9) So, what is next for Professor Hutton, professionally and personally?

Reply: In literary terms, I am busy writing the extras which I did not put into The Witch:

essays on the meaning of the word, on images of witches and cunning folk in British fiction

between 1800 and 1940, and on the place of the Wild Hunt in the modern British imagination.

The first two are already finished, but I am not sure yet whether to put them separately into

academic journals or to publish them together as part of a collection of essays from Yale

University Press. My editor at Yale is seeking opinions on this, and I shall follow them. A

proper revised second edition of Triumph of the Moon is due, twenty years after the original.

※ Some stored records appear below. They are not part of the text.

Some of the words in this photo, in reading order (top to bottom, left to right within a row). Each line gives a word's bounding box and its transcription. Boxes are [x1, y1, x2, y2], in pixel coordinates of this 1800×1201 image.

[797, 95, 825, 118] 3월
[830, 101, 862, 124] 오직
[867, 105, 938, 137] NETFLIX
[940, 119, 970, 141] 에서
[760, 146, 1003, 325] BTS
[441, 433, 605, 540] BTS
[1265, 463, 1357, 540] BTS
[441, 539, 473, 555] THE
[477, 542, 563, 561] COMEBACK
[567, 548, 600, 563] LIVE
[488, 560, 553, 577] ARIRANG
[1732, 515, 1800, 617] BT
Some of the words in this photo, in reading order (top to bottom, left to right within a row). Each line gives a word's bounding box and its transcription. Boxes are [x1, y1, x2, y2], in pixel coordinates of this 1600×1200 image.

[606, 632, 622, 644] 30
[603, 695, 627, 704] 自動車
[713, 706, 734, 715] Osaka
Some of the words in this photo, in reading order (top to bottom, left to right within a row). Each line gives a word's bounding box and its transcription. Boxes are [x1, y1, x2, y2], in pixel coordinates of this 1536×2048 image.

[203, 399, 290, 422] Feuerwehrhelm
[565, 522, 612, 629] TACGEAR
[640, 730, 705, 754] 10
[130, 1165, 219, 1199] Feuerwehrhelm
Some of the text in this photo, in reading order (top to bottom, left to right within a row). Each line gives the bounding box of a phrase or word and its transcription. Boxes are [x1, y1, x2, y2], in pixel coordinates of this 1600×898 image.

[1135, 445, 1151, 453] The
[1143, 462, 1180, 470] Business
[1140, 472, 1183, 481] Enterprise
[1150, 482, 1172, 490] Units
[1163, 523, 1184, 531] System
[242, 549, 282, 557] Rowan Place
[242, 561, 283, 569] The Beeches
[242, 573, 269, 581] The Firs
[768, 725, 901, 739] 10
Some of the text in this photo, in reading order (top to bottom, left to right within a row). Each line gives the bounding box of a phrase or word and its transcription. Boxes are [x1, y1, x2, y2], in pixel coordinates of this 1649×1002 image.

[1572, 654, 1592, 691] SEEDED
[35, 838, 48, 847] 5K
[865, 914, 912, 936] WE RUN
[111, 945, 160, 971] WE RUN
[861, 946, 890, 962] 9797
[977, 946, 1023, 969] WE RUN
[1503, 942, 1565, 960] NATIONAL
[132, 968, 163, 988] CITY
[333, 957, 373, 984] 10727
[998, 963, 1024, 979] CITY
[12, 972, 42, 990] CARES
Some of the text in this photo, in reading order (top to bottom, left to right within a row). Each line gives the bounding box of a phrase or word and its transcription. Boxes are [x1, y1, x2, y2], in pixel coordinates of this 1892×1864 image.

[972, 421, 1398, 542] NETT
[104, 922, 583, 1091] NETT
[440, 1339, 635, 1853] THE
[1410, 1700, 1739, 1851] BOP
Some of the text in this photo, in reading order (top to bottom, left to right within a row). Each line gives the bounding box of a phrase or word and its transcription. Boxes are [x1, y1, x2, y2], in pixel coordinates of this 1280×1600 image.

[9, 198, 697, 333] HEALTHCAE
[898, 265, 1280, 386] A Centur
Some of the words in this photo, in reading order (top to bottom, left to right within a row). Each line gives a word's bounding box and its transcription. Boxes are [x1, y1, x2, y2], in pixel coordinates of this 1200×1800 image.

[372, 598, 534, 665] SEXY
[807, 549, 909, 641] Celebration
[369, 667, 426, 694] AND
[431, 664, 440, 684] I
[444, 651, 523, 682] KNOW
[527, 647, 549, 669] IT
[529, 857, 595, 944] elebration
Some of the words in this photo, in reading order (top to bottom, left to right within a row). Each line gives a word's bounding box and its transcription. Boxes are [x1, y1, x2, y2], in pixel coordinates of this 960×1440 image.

My main next project, which will take years, will however be to return to my original power

base of mainstream political history and produce a study of Oliver Cromwell. In contrast to

subjects concerning Paganism and magic, it is really easy to get leave and other support

systems for a topic like that, and I have already been granted them. As for my professional

and personal future, I shall as usual work with whatever opportunities fate sends me.

Professor Hutton, Thank You so much for your time!

Reply: Thank you very much for yours.

Emma Doeve & Matthew Levi Stevens, for New Dawn, June 2017.